• The task: Every entry below should be reproduced exactly, with all pictures left out.

• Dataset extract:
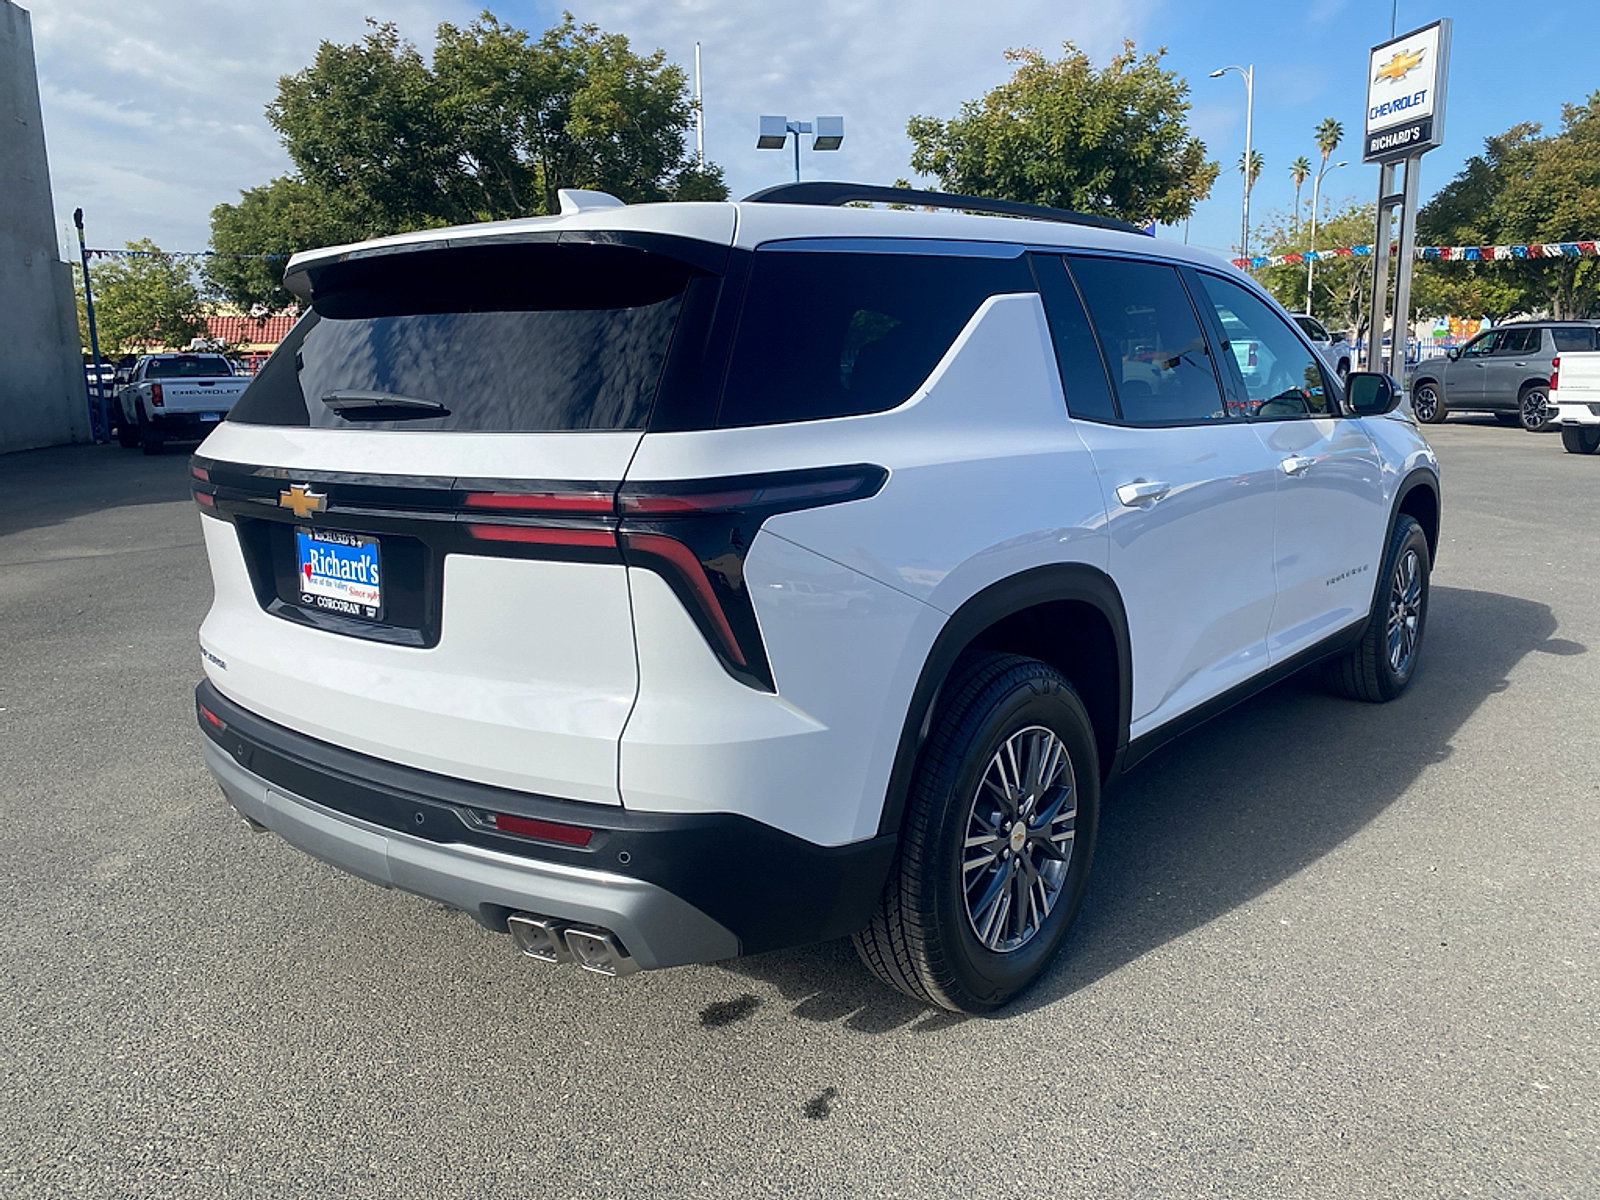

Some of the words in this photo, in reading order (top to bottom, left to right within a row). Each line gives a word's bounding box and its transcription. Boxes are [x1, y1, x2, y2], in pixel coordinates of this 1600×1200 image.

[1369, 89, 1427, 120] CHEVROLET
[1370, 126, 1420, 152] RICHARD'S
[172, 388, 240, 396] CHEVROLET
[309, 547, 379, 584] Richard's
[317, 596, 360, 614] CORCORAN

• Answer box:
Some of the words in this photo, in reading order (top to bottom, left to right within a row). Each line gives a word's bounding box and its transcription. Boxes are [x1, y1, x2, y2], in pixel coordinates of this 1600×1200 image.

[1369, 89, 1427, 120] CHEVROLET
[1370, 126, 1420, 152] RICHARD'S
[172, 388, 240, 396] CHEVROLET
[309, 547, 379, 584] Richard's
[317, 596, 360, 614] CORCORAN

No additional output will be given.